Policing the uneasy truce between due diligence accounting and popular culture.
Tuesday, 15 August 2006
No good sleazy blood-sucking pointless thieving scumbags...
..have stolen my bike. Me Dick Van Dyke. Within 100 feet (although 50 of those are vertical) of my desk. My beloved Trek was 'alf inched and ridden away but some Camden Town tosser(s). I only hope that the height of the saddle (I'm 6ft4) ripped their privates in two, and that the chain falls off. A lot. In a bus lane. With a massive bendy bus bearing down on them. W#nkers. I hope they die. B%stards.
I've calmed down a bit now.
I suppose I should be philosophical. It's about the seventh bike I've had stolen in my life, forming an almost unbroken chain from the Peugeot Elan (seen above) nicked from school back in about '88 (had to borrow my brother's bike for the paper round) through the Chinese racer stolen from the railings of my uni hall of residence 14 hours after I first arrived in London in '91.
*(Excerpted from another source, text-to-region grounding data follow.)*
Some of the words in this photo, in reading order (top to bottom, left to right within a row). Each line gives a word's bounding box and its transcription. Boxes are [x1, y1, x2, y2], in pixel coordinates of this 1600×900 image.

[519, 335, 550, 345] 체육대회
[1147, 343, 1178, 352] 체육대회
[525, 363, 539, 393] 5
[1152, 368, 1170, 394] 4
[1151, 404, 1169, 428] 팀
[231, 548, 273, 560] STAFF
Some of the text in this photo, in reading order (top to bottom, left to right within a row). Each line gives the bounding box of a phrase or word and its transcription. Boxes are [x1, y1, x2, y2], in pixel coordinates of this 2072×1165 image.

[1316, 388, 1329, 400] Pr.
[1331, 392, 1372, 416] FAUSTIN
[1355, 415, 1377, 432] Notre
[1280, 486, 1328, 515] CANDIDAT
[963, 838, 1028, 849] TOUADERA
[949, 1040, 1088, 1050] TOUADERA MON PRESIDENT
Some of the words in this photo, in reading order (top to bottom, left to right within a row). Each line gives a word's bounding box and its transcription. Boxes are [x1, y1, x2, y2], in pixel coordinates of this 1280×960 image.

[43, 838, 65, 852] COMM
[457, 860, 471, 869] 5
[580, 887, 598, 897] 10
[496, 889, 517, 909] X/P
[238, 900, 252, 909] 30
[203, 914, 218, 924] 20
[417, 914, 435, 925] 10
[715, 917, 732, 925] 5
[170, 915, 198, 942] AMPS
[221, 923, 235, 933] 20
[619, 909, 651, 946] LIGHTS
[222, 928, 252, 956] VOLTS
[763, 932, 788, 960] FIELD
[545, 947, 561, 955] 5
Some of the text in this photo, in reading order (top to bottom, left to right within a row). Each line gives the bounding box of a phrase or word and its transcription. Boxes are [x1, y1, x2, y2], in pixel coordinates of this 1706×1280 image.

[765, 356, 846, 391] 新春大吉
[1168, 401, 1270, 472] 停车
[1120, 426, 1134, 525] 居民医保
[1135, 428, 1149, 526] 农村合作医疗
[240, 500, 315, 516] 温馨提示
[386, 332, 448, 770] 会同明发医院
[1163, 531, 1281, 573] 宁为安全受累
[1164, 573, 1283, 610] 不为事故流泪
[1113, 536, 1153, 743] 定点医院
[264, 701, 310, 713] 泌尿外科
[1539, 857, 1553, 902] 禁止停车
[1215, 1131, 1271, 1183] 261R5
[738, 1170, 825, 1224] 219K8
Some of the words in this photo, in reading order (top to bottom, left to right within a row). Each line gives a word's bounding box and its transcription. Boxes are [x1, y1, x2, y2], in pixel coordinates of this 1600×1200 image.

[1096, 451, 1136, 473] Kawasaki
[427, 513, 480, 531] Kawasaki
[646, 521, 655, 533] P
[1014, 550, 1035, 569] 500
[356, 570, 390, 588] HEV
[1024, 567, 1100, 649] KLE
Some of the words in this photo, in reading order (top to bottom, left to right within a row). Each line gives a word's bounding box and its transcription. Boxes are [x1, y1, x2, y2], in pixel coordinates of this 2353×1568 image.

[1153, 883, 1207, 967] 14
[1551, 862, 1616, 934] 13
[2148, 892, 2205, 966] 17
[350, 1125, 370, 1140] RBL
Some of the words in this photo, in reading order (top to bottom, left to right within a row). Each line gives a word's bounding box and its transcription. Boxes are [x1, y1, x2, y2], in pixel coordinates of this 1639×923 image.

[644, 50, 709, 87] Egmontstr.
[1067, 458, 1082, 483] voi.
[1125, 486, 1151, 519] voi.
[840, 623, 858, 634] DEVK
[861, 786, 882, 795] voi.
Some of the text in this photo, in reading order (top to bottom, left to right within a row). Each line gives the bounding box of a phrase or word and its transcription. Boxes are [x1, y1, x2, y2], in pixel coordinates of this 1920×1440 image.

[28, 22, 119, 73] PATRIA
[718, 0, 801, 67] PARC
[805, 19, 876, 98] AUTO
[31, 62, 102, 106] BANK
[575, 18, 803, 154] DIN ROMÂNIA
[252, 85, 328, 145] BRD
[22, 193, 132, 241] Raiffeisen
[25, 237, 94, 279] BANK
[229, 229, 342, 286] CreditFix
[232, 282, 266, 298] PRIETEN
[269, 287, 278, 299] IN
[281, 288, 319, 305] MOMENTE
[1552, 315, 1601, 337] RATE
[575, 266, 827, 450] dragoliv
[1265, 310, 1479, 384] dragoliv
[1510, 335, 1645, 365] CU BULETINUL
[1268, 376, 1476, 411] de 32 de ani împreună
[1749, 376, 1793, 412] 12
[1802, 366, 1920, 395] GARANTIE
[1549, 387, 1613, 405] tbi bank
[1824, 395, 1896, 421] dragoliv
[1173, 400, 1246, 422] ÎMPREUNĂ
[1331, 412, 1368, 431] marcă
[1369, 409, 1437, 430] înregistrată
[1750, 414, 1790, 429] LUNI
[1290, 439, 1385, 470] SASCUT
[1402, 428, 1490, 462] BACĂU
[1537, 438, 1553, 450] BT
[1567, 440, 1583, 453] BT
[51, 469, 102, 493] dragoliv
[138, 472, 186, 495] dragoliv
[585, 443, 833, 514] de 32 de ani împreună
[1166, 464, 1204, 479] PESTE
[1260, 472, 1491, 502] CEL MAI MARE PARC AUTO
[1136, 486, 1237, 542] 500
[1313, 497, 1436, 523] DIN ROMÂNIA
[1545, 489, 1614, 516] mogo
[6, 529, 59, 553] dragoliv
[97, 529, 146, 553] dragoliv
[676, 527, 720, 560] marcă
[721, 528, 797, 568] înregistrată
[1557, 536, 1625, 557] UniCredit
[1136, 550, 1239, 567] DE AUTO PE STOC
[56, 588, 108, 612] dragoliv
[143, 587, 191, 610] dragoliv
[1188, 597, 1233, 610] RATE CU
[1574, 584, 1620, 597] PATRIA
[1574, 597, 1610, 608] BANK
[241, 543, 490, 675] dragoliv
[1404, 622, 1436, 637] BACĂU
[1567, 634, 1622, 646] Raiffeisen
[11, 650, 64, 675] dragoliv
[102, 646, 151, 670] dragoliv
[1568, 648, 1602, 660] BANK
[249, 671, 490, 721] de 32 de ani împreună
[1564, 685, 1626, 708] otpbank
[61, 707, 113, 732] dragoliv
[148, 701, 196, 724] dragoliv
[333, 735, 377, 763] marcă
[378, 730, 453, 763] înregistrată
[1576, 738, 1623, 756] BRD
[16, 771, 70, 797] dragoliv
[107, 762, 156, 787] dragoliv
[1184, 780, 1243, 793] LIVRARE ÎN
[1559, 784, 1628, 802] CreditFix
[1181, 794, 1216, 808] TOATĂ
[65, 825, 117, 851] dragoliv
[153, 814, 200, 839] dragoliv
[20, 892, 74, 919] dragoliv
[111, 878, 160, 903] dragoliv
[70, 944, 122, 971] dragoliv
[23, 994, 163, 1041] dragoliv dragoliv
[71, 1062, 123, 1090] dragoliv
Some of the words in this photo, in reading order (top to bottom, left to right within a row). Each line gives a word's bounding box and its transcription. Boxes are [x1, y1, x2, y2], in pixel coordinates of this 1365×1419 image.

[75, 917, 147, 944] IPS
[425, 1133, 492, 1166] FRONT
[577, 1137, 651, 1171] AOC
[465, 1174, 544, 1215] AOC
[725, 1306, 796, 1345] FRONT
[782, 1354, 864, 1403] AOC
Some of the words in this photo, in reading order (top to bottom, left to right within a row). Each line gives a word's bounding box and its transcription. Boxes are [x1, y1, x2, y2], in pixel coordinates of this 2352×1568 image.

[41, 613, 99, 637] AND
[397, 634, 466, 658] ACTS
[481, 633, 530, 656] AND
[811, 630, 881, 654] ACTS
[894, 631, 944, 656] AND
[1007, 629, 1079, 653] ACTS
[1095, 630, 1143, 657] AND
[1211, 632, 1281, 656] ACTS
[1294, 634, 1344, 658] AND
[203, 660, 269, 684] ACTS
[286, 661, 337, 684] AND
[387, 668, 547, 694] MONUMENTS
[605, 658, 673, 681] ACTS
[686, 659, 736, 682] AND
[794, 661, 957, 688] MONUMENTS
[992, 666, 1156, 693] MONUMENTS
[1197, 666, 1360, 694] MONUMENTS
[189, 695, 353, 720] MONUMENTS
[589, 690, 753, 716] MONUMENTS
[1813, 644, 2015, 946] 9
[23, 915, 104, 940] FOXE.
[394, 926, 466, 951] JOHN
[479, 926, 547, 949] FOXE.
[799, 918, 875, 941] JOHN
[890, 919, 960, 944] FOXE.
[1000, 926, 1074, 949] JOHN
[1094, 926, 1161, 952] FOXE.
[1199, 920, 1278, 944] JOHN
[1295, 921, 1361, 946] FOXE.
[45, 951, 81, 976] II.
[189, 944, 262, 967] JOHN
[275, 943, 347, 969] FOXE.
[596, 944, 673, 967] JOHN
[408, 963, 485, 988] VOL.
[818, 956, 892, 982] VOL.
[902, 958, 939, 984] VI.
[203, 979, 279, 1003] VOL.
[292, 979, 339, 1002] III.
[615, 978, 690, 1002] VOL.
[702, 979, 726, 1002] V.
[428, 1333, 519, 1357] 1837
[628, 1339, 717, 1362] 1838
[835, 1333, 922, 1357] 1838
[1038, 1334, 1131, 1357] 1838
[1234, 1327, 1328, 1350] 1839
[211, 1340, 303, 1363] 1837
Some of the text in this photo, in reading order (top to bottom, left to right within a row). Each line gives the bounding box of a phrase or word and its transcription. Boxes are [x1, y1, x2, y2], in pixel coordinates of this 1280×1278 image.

And I suppose I did buy my bike, er, "second hand" from a slightly shady outfit in Balham, so it may just be possible that the old girl had been forcibly separated from her previous owner. Nevertheless, I'm more filled with impotent rage than a Daily Mail reader.
The worst bit was having to take the train home in rush hour wearing my somewhat perished spray-on lycra cycling shorts (size large, naturally). Still, it's always summer on the Victoria Line - although only 20 degrees at street level, it's always a comforting 37 degrees below ground. Despite the fact that heat is supposed to rise. Hmm.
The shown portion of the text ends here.